John Dalton is the President of the Housing Policy Council

Reforming our nation’s housing finance system is critical to preserving the American Dream of homeownership and elements like the 30-year fixed rate mortgage that give Americans the chance to buy a home.

Representatives John Delaney (D-MD), John Carney (D-DE), and Jim Himes (D-CT) have made an important contribution to that debate with the introduction of their new bill, “The Partnership to Strengthen Homeownership”. The release of their proposal is especially significant because it shares a number of the elements necessary for successful bipartisan reform. The bill is also significant because it is a collaboration by three respected Democrats who serve on the House Financial Services Committee.

The Housing Policy Council, a division of FSR, believes that this bill is additional proof that key members of both parties in the House and Senate recognize the need for housing finance and GSE reform. We believe that there continues to be an opportunity to find common ground on housing finance reform legislation and the Delaney-Carney-Himes bill helps move the conversation forward.
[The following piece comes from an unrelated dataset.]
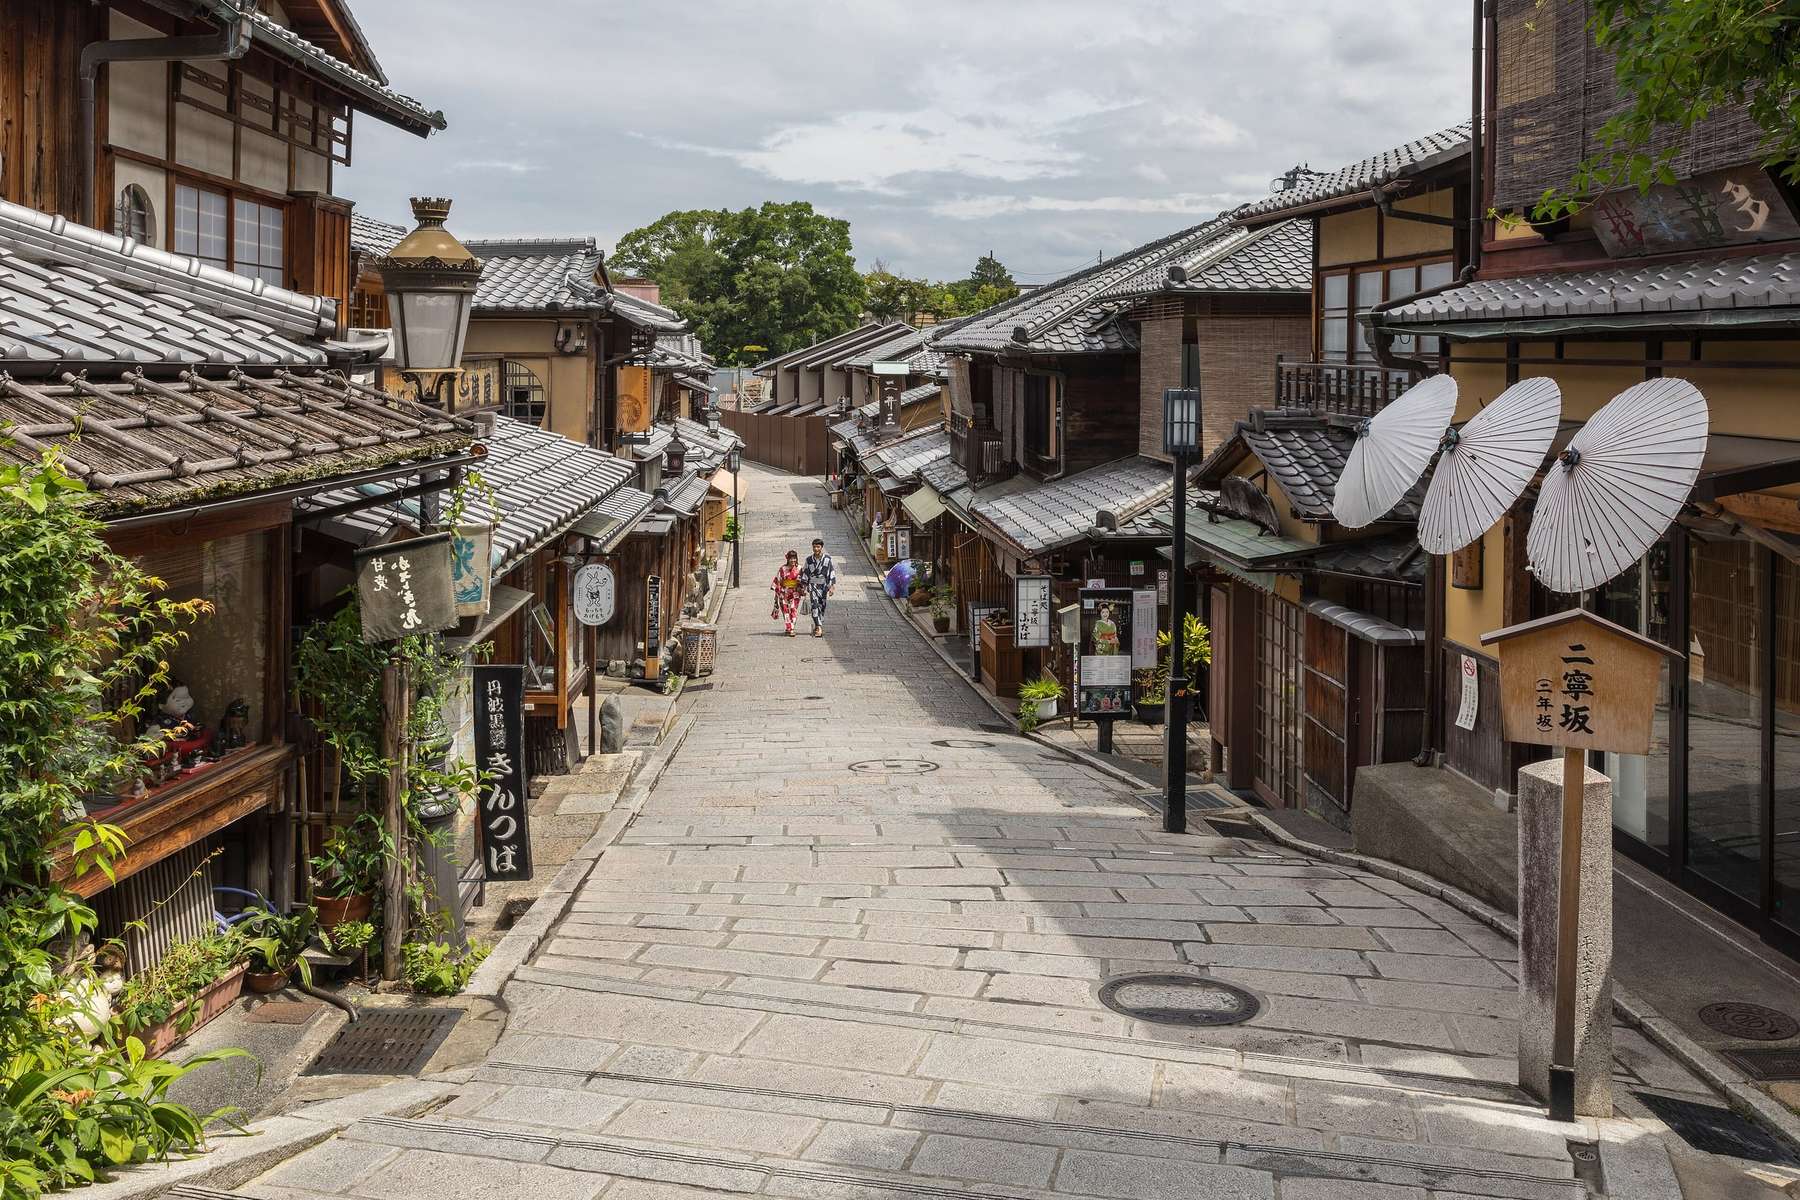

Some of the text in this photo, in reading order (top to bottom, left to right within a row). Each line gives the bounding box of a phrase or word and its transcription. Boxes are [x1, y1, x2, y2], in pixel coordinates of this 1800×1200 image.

The Delaney-Carney-Himes bill makes positive contributions in a number of areas of the complex issue of GSE reform:

• The bill recognizes that a new housing finance system is needed and envisions Ginnie Mae as the central entity which would apply the government guarantee.

• It would require private capital to take the first loss in a new system.

• It would wind down the GSEs over five years and replace Fannie and Freddie with a new system, although the GSEs can act as an aggregator for small lenders.

• It would provide a defined government backstop role to ensure liquidity for stable mortgages.

• It would preserve the TBA mortgage securities market which is essential for consumers to have access to mortgage credit.

• It addresses issues like affordable housing and market access for all mortgage market participants.

Like other significant reform proposals, the bill is not perfect and additional work needs to be done. The details of the mechanics and regulation of a new system need careful development. For example, there are issues regarding the proper regulation of lenders and other market participants without regulatory duplication or overlap, as well as structure of a Ginnie Mae delivery system for the MBS.

HPC views the Delaney-Carney-Himes legislation as a positive contribution to the debate in the House. We are committed to working with the bill sponsors, and the leaders of the House Financial Services Committee, to produce strong bipartisan reform legislation that can become law and establish a strong stable housing finance system that can serve homebuyers for decades to come.